WHAT IS BEING ASKED: Each line of the data must be written out again verbatim; no image belongs in the copy.

DATA UNDER STUDY:
----

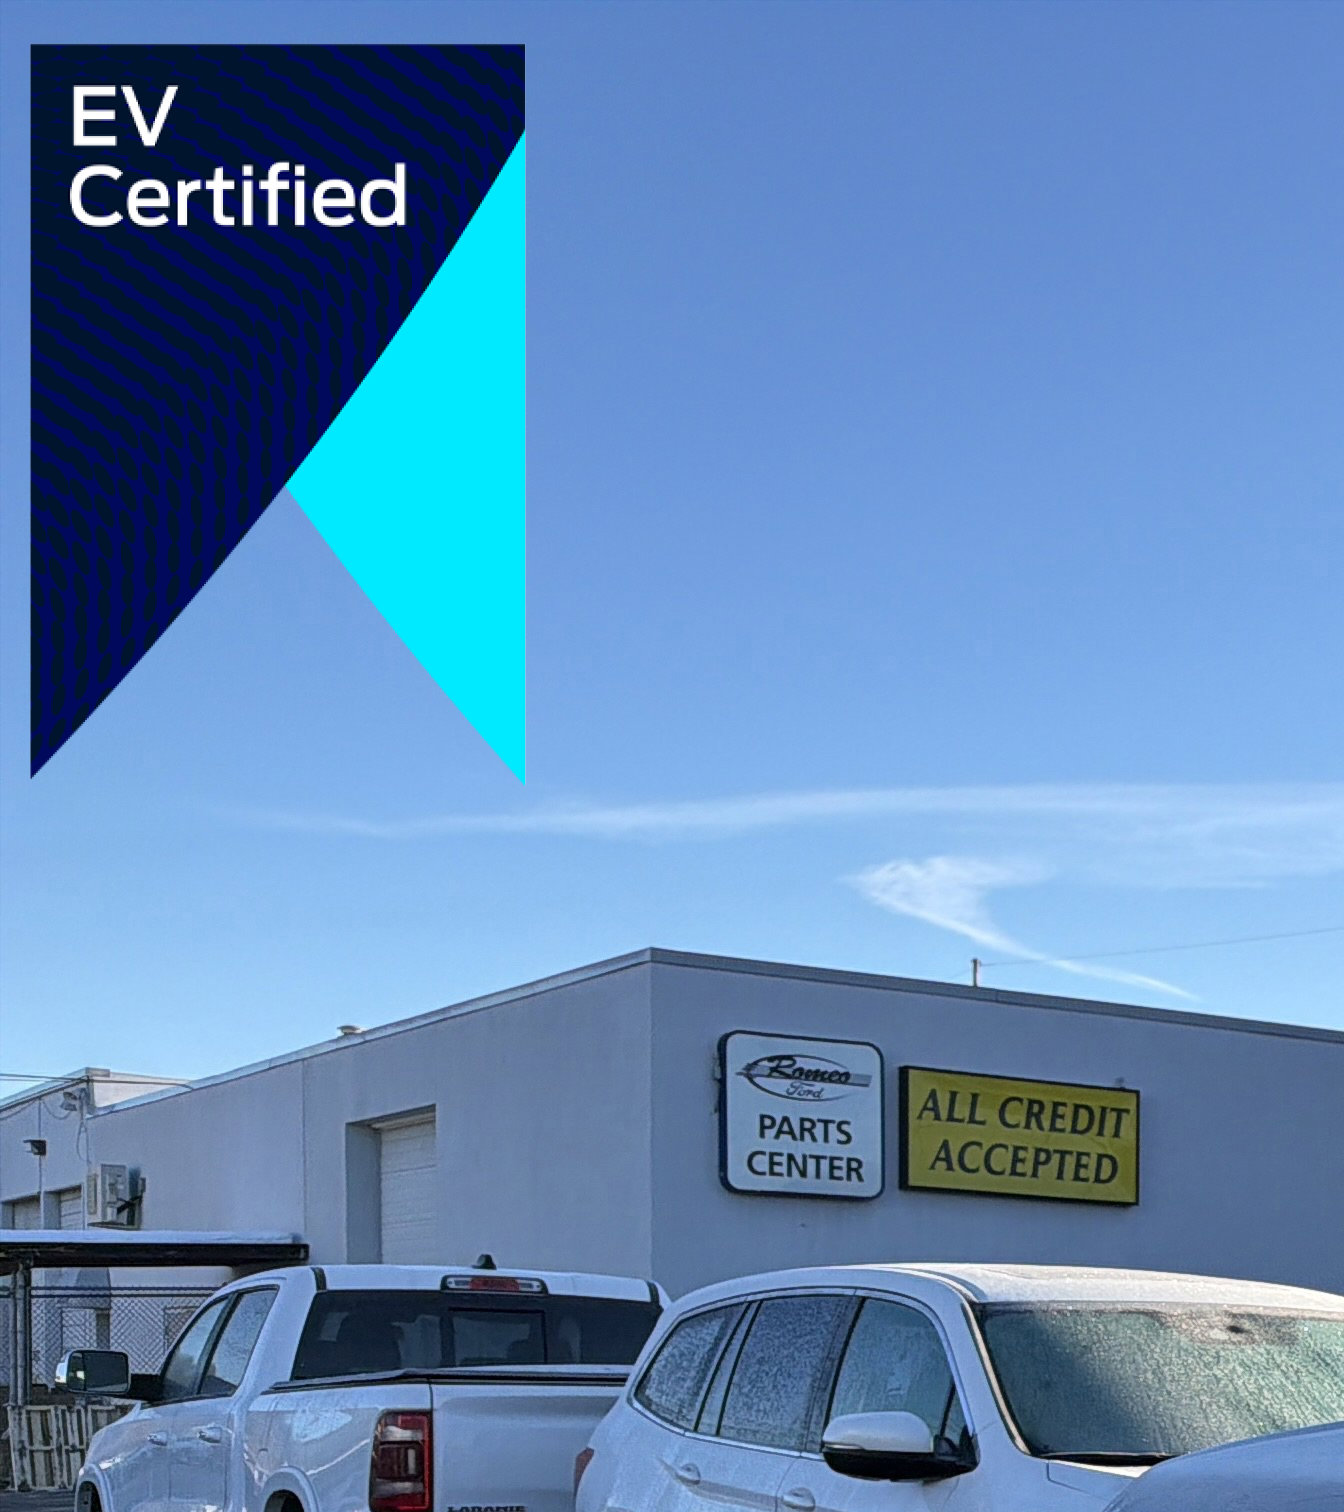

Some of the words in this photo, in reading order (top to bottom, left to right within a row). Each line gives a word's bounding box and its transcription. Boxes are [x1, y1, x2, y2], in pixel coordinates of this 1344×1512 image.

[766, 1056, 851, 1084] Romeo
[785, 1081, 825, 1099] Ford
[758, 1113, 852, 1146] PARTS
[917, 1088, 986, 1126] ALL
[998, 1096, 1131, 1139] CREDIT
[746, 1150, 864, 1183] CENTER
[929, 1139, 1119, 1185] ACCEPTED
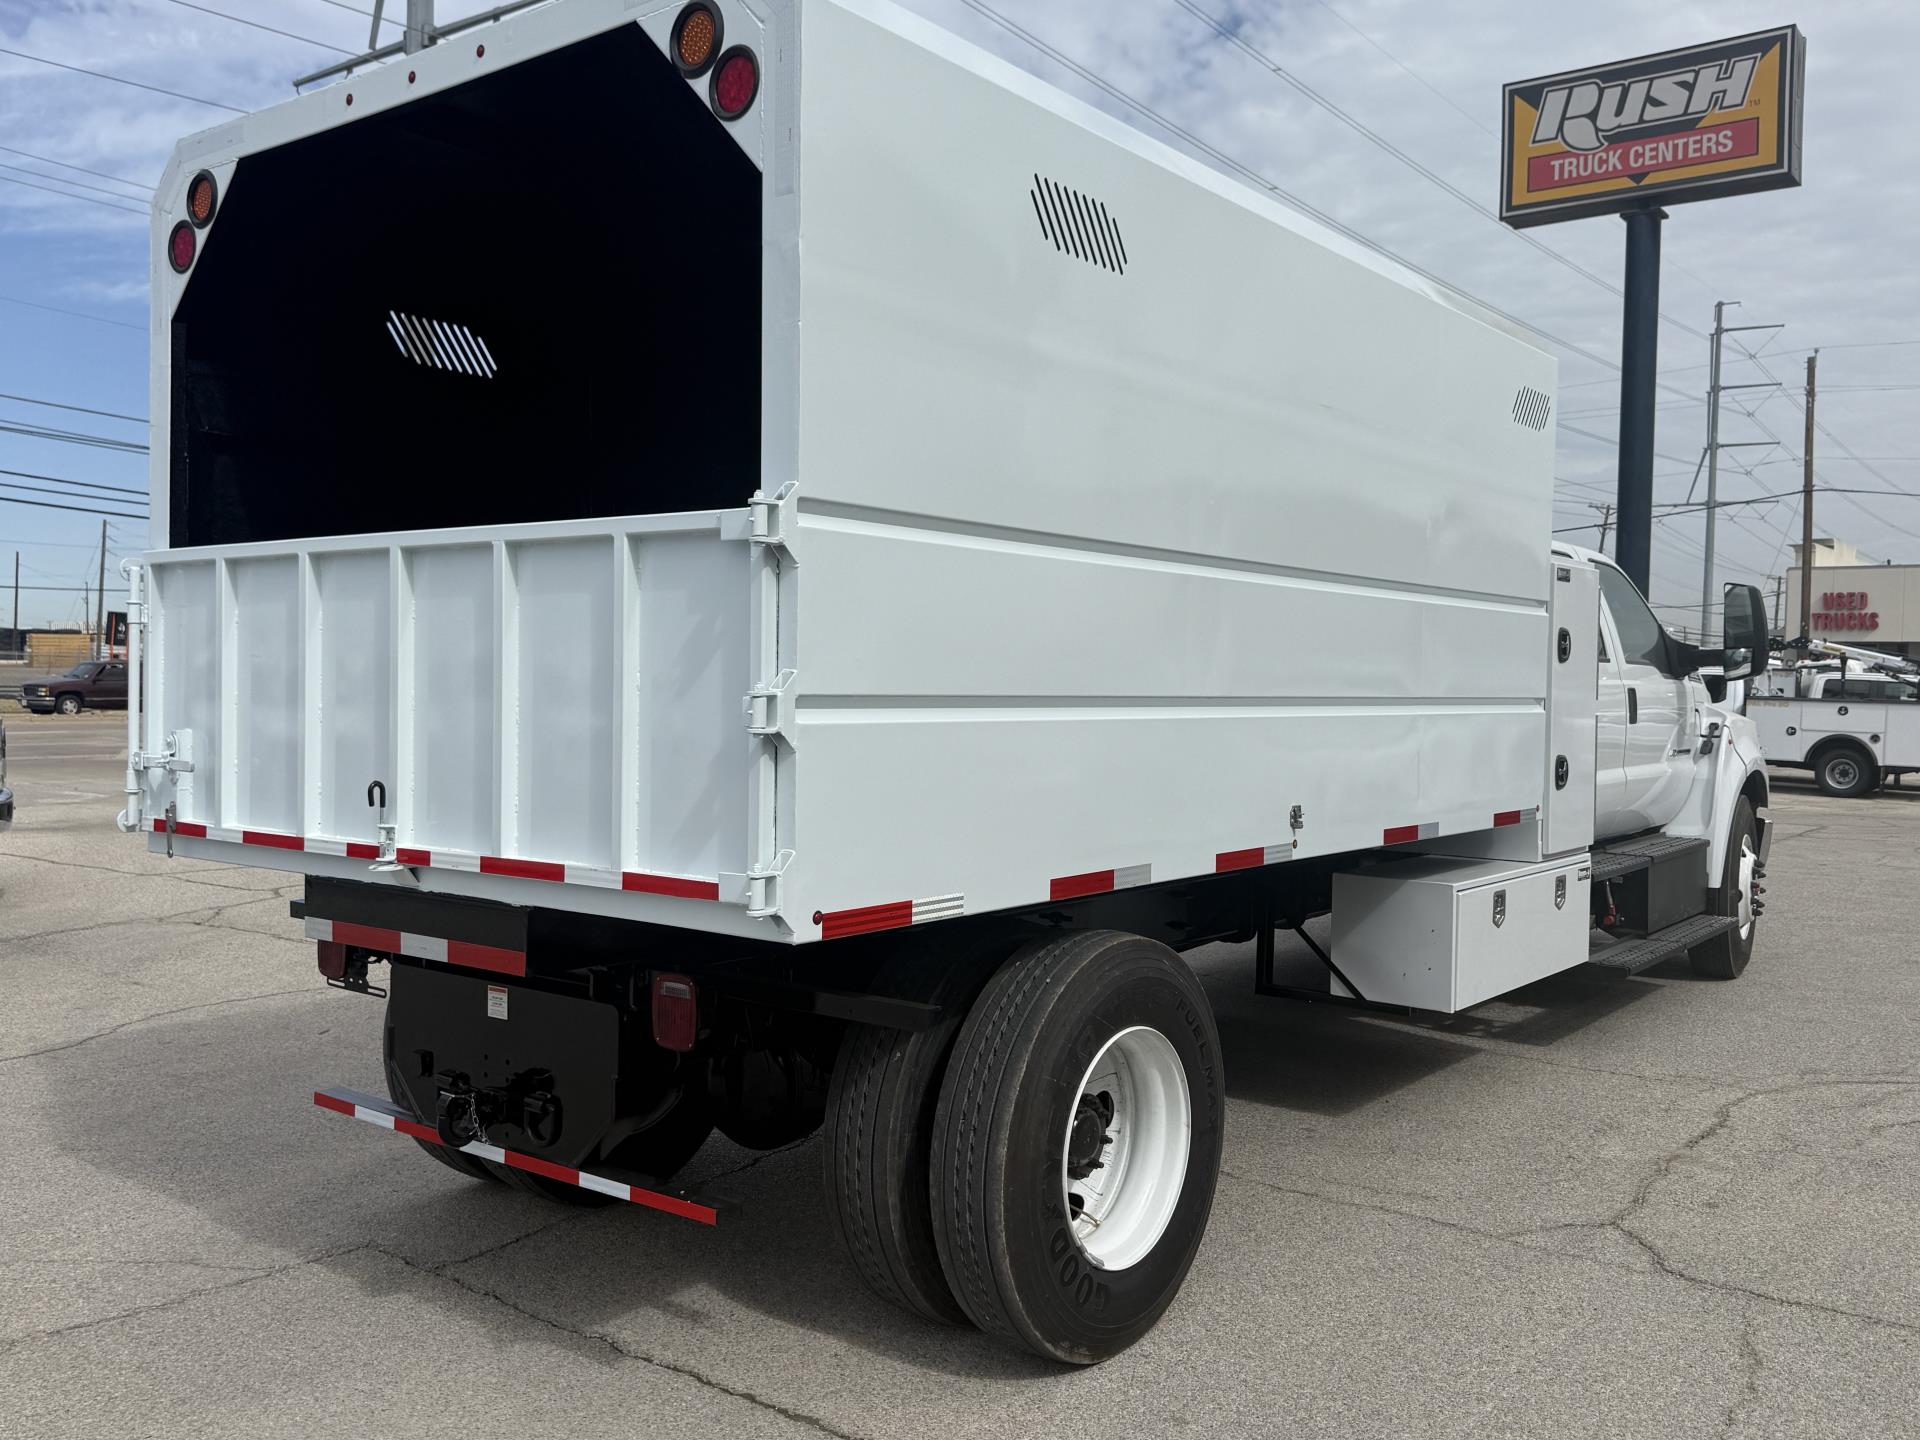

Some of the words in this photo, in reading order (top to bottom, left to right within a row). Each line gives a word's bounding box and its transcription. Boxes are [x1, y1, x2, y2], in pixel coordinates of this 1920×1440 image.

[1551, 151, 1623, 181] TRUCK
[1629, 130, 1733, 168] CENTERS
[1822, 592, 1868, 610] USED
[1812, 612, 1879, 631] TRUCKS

----

EXERCISE ANSWER:
Some of the words in this photo, in reading order (top to bottom, left to right within a row). Each line gives a word's bounding box and its transcription. Boxes are [x1, y1, x2, y2], in pixel coordinates of this 1344×1512 image.

[766, 1056, 851, 1084] Romeo
[785, 1081, 825, 1099] Ford
[758, 1113, 852, 1146] PARTS
[917, 1088, 986, 1126] ALL
[998, 1096, 1131, 1139] CREDIT
[746, 1150, 864, 1183] CENTER
[929, 1139, 1119, 1185] ACCEPTED

Some of the words in this photo, in reading order (top to bottom, left to right within a row). Each line gives a word's bounding box and its transcription. Boxes are [x1, y1, x2, y2], in pixel coordinates of this 1920×1440 image.

[1551, 151, 1623, 181] TRUCK
[1629, 130, 1733, 168] CENTERS
[1822, 592, 1868, 610] USED
[1812, 612, 1879, 631] TRUCKS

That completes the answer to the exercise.